> [DATA FOR THE TASK]
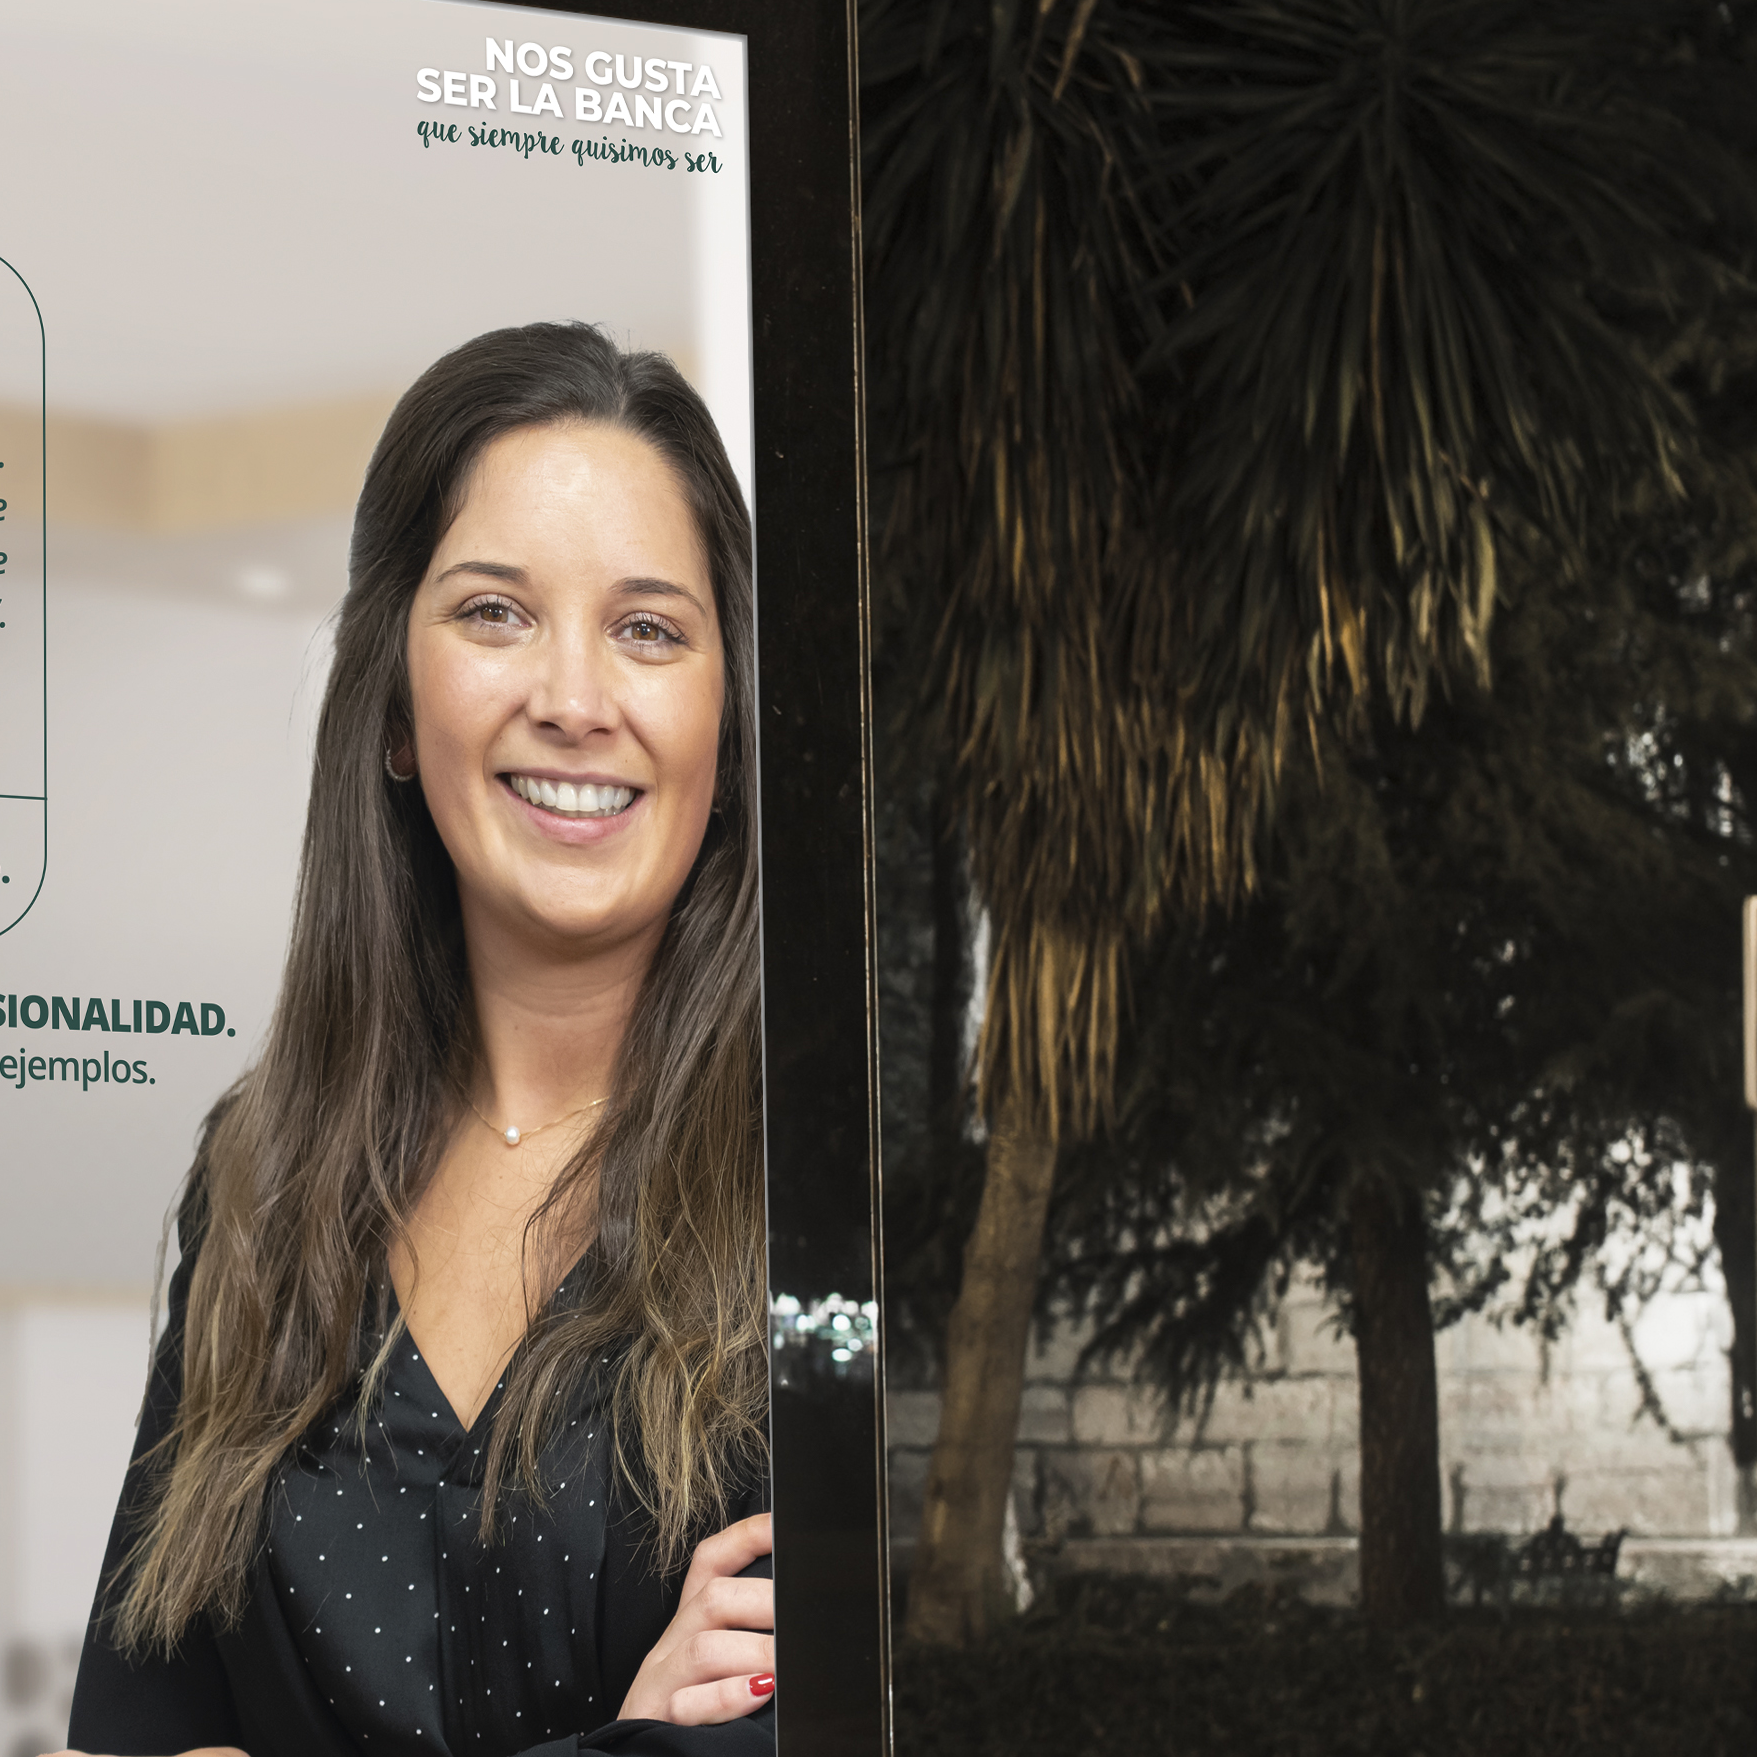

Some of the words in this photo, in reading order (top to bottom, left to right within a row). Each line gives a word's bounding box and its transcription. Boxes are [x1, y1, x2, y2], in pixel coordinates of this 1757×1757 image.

[485, 38, 574, 80] NOS
[585, 50, 722, 100] GUSTA
[416, 67, 497, 110] SER
[509, 78, 564, 118] LA
[576, 85, 723, 138] BANCA
[416, 120, 463, 149] que
[468, 121, 565, 160] siempre
[571, 135, 679, 171] quisimos
[684, 151, 723, 174] ser
[0, 1047, 156, 1092] ejemplos.
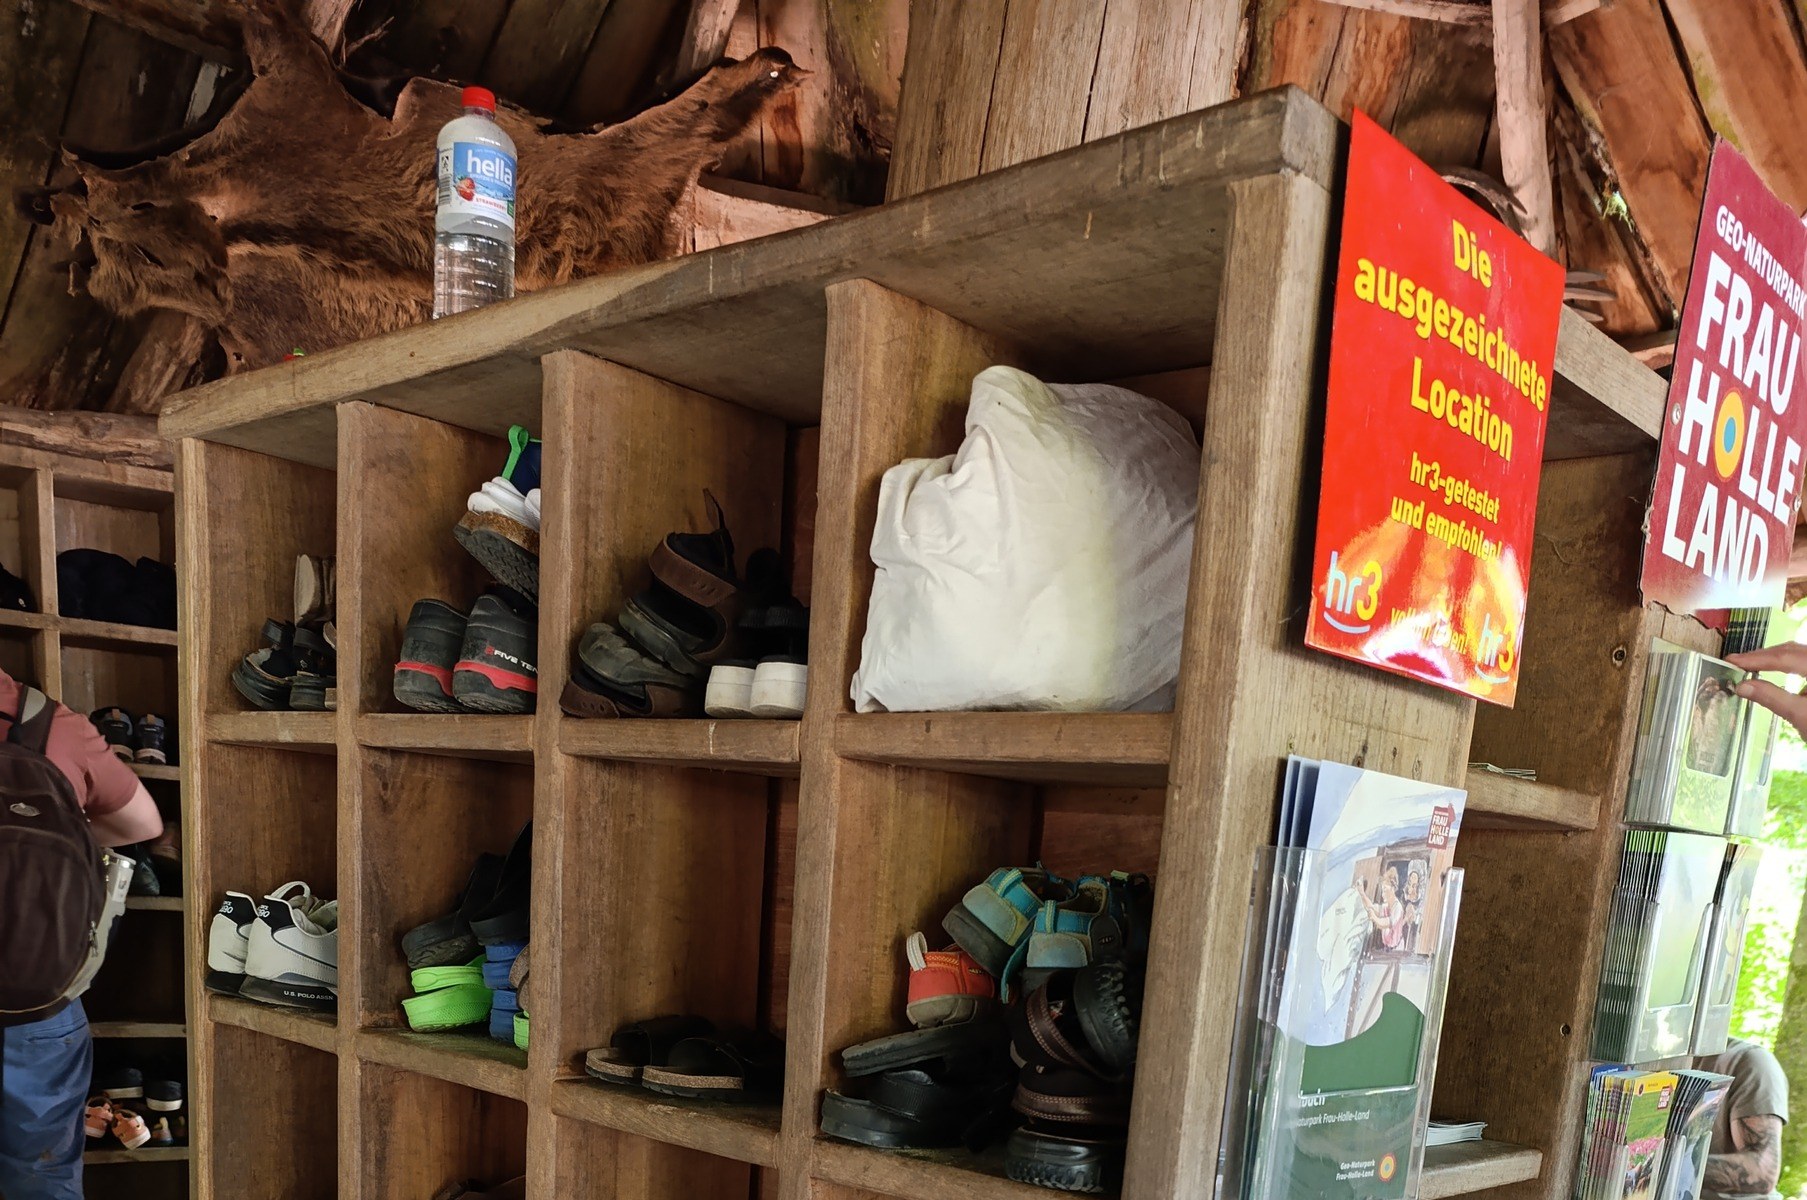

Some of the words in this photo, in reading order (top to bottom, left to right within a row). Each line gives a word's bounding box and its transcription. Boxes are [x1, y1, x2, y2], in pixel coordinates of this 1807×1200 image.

[467, 149, 513, 187] hella
[1452, 218, 1492, 288] Die
[1716, 205, 1807, 320] GEO-NATURPARK
[1354, 257, 1547, 412] ausgezeichnete
[1697, 251, 1801, 415] FRAU
[1411, 356, 1513, 462] Location
[1678, 357, 1801, 526] HOLLE
[1410, 451, 1500, 525] hr3-getestet
[1391, 496, 1425, 530] und
[1426, 512, 1503, 562] empfohlen!
[1662, 462, 1769, 591] LAND
[1325, 551, 1382, 621] hr3
[494, 649, 518, 665] FIVE
[1477, 613, 1515, 673] hr3
[1428, 834, 1445, 845] LAND
[1432, 814, 1448, 827] FRAU
[1322, 1109, 1371, 1124] Frau-Holle-Land
[1335, 1169, 1375, 1181] Frau-Holle-Land
[1340, 1158, 1376, 1171] Geo-Naturpark
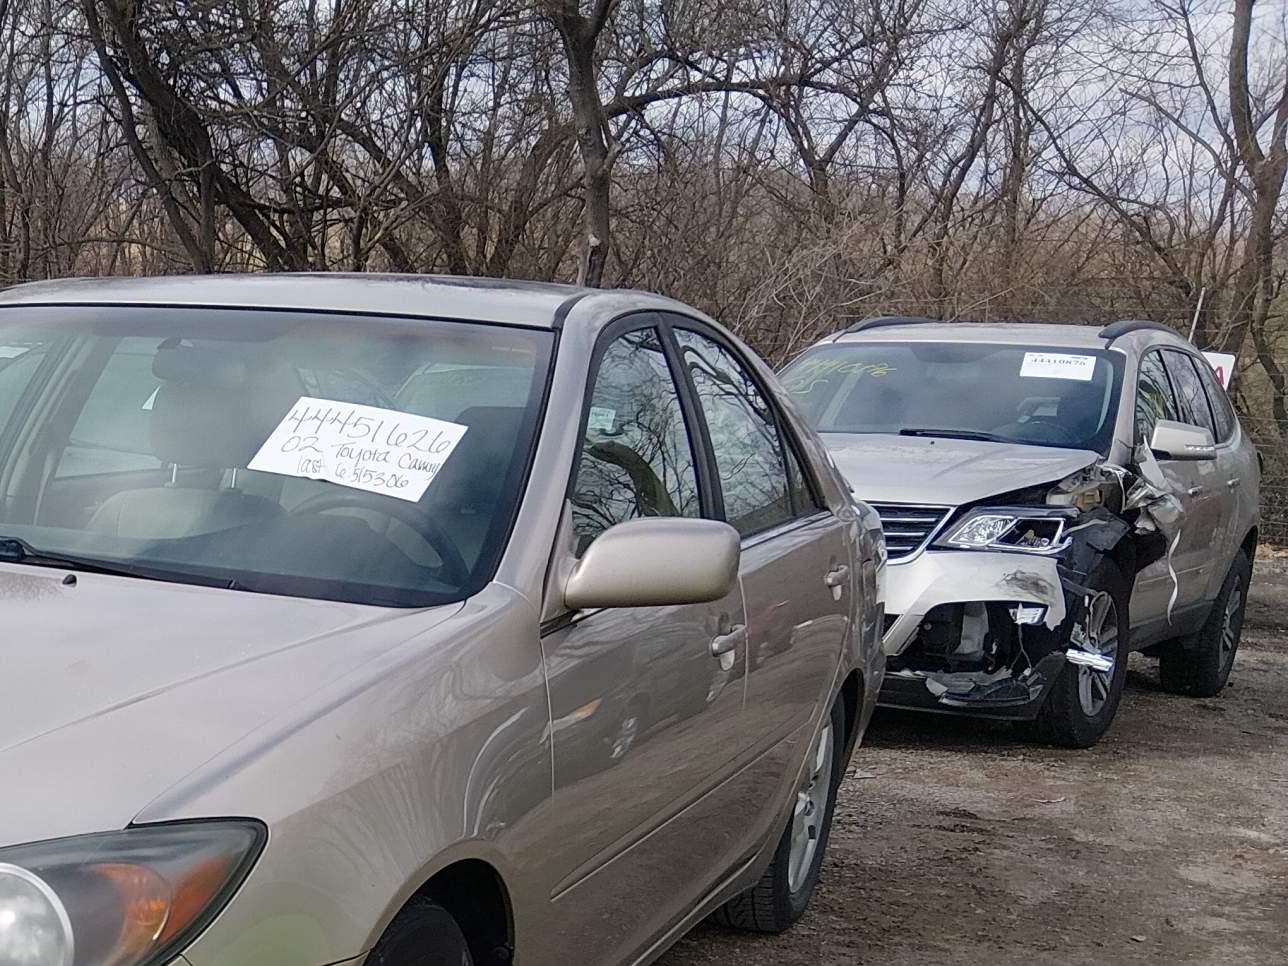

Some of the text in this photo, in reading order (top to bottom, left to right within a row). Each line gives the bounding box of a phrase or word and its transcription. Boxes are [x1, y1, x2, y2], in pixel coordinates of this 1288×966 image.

[288, 407, 451, 454] 44451626
[281, 436, 324, 453] 02
[331, 442, 390, 468] Toyota

> [WHAT IS REQUIRED] With the images removed, write out all of the material above exactly.

> [RESPONSE BELOW]
Some of the words in this photo, in reading order (top to bottom, left to right within a row). Each line gives a word's bounding box and its transcription. Boxes are [x1, y1, x2, y2], in pixel coordinates of this 1757×1757 image.

[485, 38, 574, 80] NOS
[585, 50, 722, 100] GUSTA
[416, 67, 497, 110] SER
[509, 78, 564, 118] LA
[576, 85, 723, 138] BANCA
[416, 120, 463, 149] que
[468, 121, 565, 160] siempre
[571, 135, 679, 171] quisimos
[684, 151, 723, 174] ser
[0, 1047, 156, 1092] ejemplos.

Some of the words in this photo, in reading order (top to bottom, left to right within a row). Each line gives a word's bounding box and its transcription. Boxes are [x1, y1, x2, y2], in pixel coordinates of this 1807×1200 image.

[467, 149, 513, 187] hella
[1452, 218, 1492, 288] Die
[1716, 205, 1807, 320] GEO-NATURPARK
[1354, 257, 1547, 412] ausgezeichnete
[1697, 251, 1801, 415] FRAU
[1411, 356, 1513, 462] Location
[1678, 357, 1801, 526] HOLLE
[1410, 451, 1500, 525] hr3-getestet
[1391, 496, 1425, 530] und
[1426, 512, 1503, 562] empfohlen!
[1662, 462, 1769, 591] LAND
[1325, 551, 1382, 621] hr3
[494, 649, 518, 665] FIVE
[1477, 613, 1515, 673] hr3
[1428, 834, 1445, 845] LAND
[1432, 814, 1448, 827] FRAU
[1322, 1109, 1371, 1124] Frau-Holle-Land
[1335, 1169, 1375, 1181] Frau-Holle-Land
[1340, 1158, 1376, 1171] Geo-Naturpark

Some of the text in this photo, in reading order (top to bottom, left to right within a row). Each line gives the bounding box of a phrase or word and its transcription. Boxes are [x1, y1, x2, y2], in pixel coordinates of this 1288×966 image.

[288, 407, 451, 454] 44451626
[281, 436, 324, 453] 02
[331, 442, 390, 468] Toyota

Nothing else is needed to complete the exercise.